Ho vissuto una vita da giornalista a detta di tutti, talora con ironia e/o compassione, intemerato e imparziale. In primis fra i tutti un grande amico quale Giampiero Boniperti, al quale sempre ho fieramente esposto il mio tifar granata. Come ho fatto pure vis à vis con Gianni Agnelli, saputo di come avevo intrapreso e fachiristicamente concluso una maratona di New York in un freddissimo giorno, appunto del freddo mi chiese, di come lo avevo vinto, e gli feci vedere la mia foto in gara: avevo corso per 42 km e 195 metri indossando la supertermica maglia del Toro.

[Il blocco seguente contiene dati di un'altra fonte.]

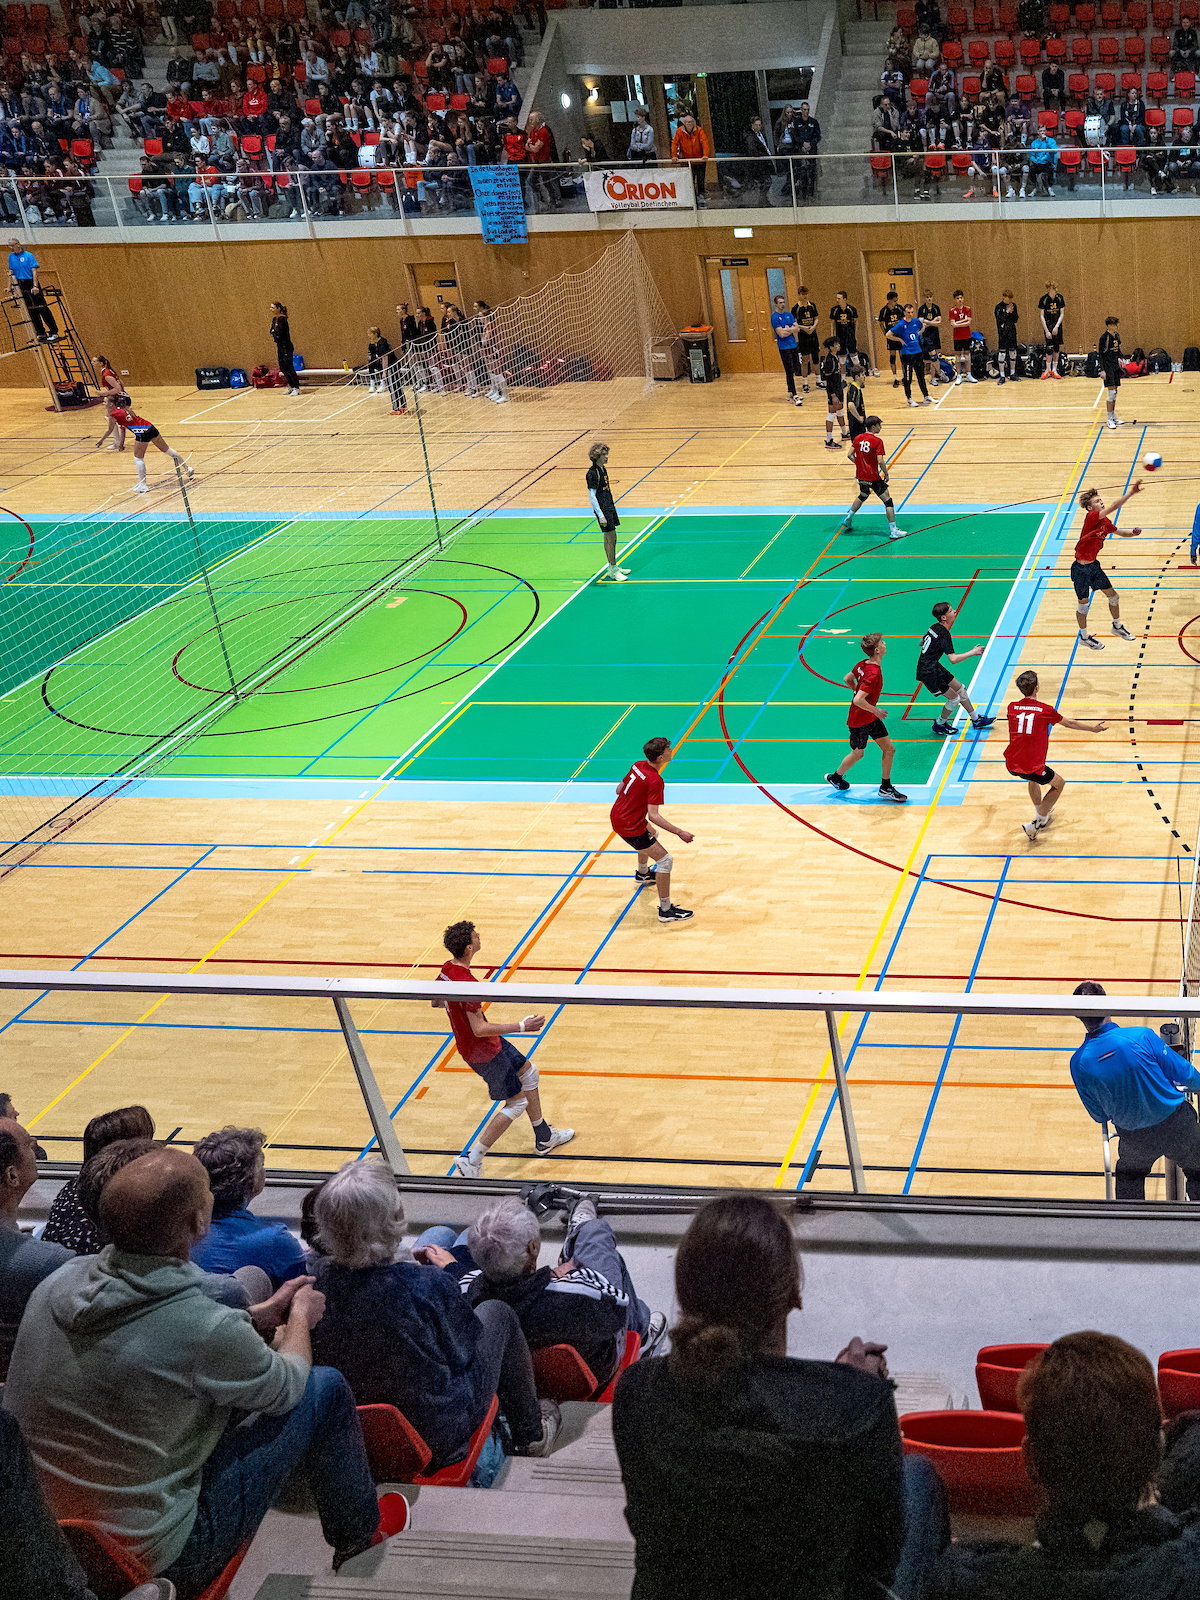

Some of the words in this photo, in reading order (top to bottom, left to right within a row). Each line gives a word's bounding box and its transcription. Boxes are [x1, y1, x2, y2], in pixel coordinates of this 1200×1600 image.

[606, 175, 677, 201] ORION
[859, 440, 871, 453] 18
[1016, 712, 1036, 735] 11
[623, 773, 637, 795] 7

Nella lunga scia balorda del mio covid 1 e nelle diramazioni feroci del mio covid 2 ho eseguito rassegne continue della mia vita, onde cercare di ancorarmi ai tanti ricordi belli – ho una memoria strepitosa, intonsa – intanto che il virus maledetto mi toglieva i gusti, gli odori e altri piaceri (il culmine dei culmini quando dovetti squallidamente riconoscere che non provavo più voglia alcuna di ostriche, per me ormai nel non gusto vicinissime al pollo lesso senza maionese). Tutto ciò mentre si rafforzavano certe costanti sensitive: fra esse il non riuscire proprio a non godere per le disgrazie (sportive e non solo) della Juventus.
Che male c’è a tifarle contro, sino a godere dei suoi crucci, memori di quando lo facevano verso di noi i suoi tifosi?

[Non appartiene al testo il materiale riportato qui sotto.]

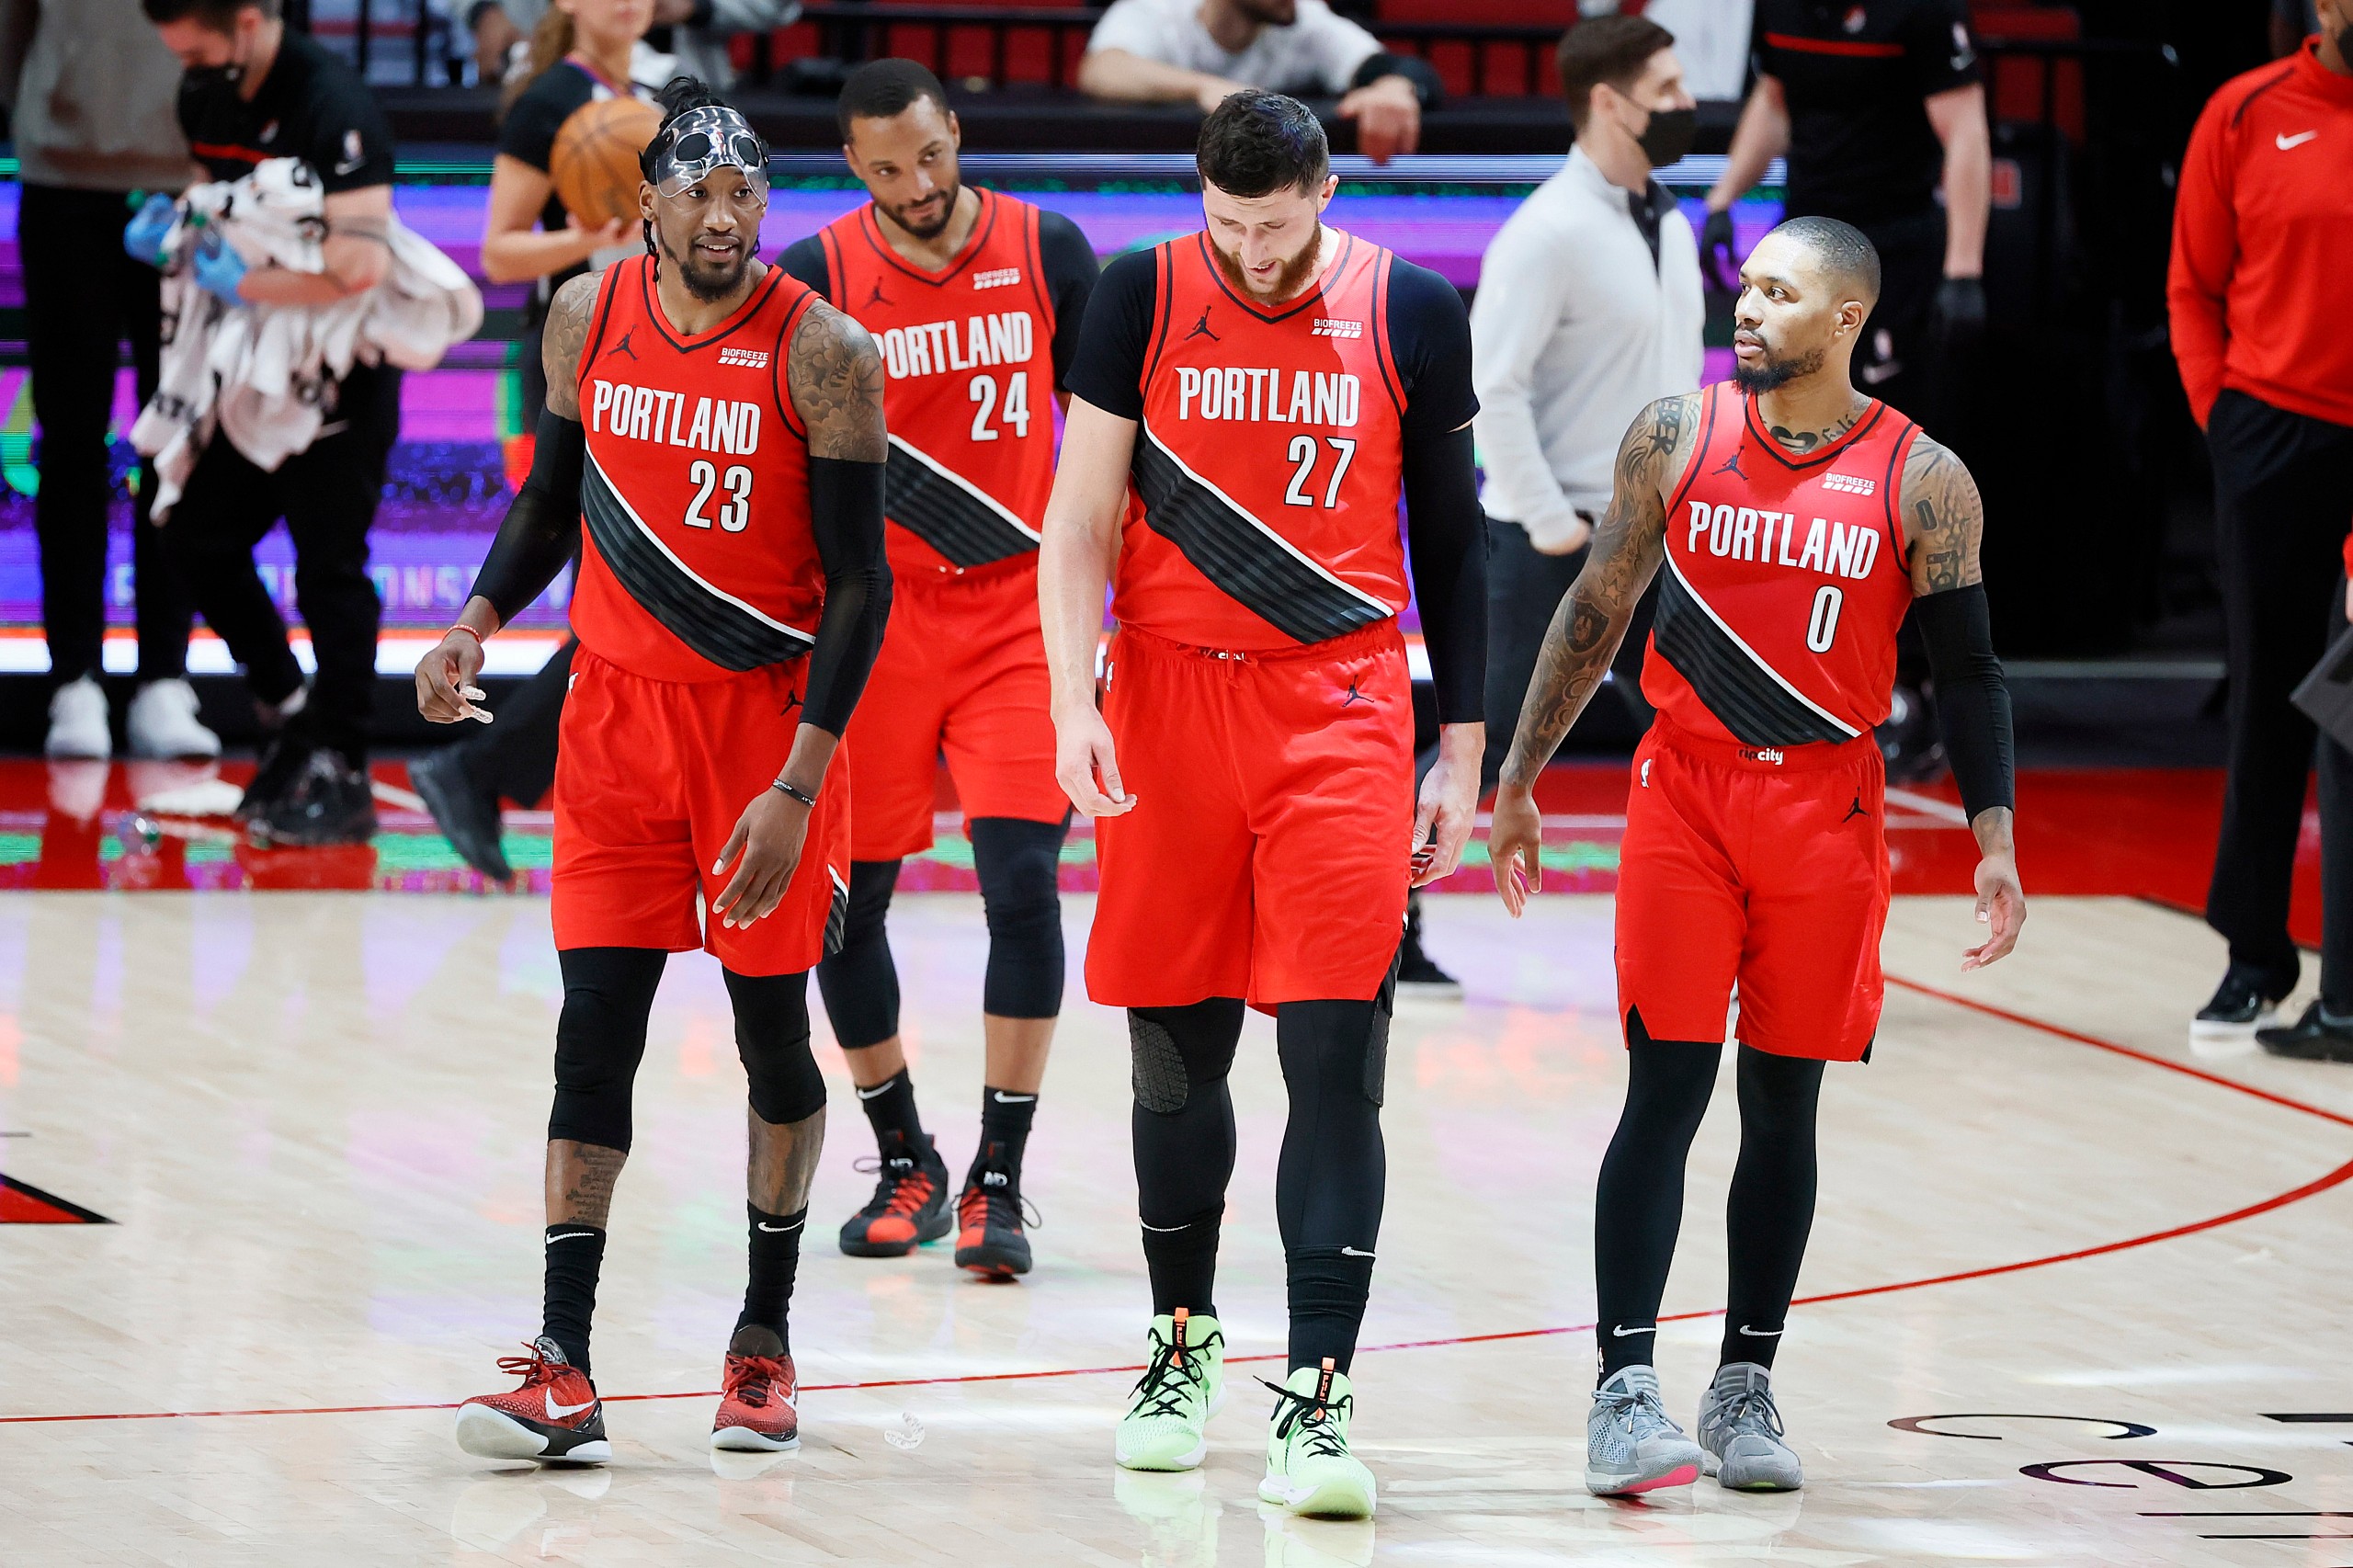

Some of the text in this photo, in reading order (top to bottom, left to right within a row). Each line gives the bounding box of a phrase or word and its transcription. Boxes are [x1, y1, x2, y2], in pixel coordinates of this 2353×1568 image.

[722, 347, 769, 361] BIOFREEZE
[1313, 318, 1362, 331] BIOFREEZE
[592, 379, 762, 456] PORTLAND
[969, 370, 1031, 442] 24
[1174, 367, 1361, 427] PORTLAND
[684, 459, 753, 533] 23
[1284, 435, 1358, 509] 27
[1824, 472, 1876, 490] BIOFREEZE
[1688, 500, 1881, 580] PORTLAND
[1806, 585, 1844, 653] 0

Se devo in qualche modo, per qualche verso ringraziare il covid 2, è proprio per questo rafforzamento di qualcosa che sapevo dentro di me, nel senso di una ribellione per il “massì, è pur sempre una squadra della mia città”. Macché massì. Che male c’è a tifarle contro, sino a godere dei suoi crucci, memori di quando lo facevano verso di noi i suoi tifosi? È un teatrino, amen. Boniperti amava il Grande Torino la cui memoria era sempre ben viva in lui, e però in caso di derby vinto (frequentemente) dai bianconeri imitava Gianni Agnelli e mi diceva, in un francese di pronuncia povera di fronte a quella sontuosa del suo sire: «On a tué la vache».

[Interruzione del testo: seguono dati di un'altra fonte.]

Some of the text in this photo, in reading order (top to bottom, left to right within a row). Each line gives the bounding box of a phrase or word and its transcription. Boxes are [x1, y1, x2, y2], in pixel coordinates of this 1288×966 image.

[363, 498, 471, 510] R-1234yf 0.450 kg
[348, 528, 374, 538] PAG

In fondo se ho un debito con i miei covid è proprio per via di questo accertamento che specie il covid 2 mi ha permesso, facendo speleologia e alpinismo insieme nei miei sentimenti sportivi, pardon calcistici (lo sport è altra cosa che il calcio, specie questo calcio). Personalmente dico che, se ci volevano due covid, un insieme di nove ospedali, un quasi tre mesi di ricoveri, di cui uno in terra francese proprio il giorno in cui Giampiero moriva, per chiarirmi che godere della Juve che perde colpi non è sadismo, idiozia, becerume, tradimento cittadino e altro ancora, è invece divenire umano, benvenuto anche il covid 2. Dopo Juve-Monza 0 a 3 mi doleva ancora terribilmente l’inguine per le tre sonde che da lì erano salite, con una minianestesia, al cuore e dintorni, ma nel sogno acre studiavo la prima frase che avrei voluto dire a Giampiero redivivo: «Ho peccato? È peccato? No, è vita!». Mi sostiene il grande Catullo, “odi et amo, quare nescio… sed fieri sentio et excrucior”. Excrucior, sì, scocciato nobilmente alla Gianni Agnelli, non addolorato e meno che mai pentito.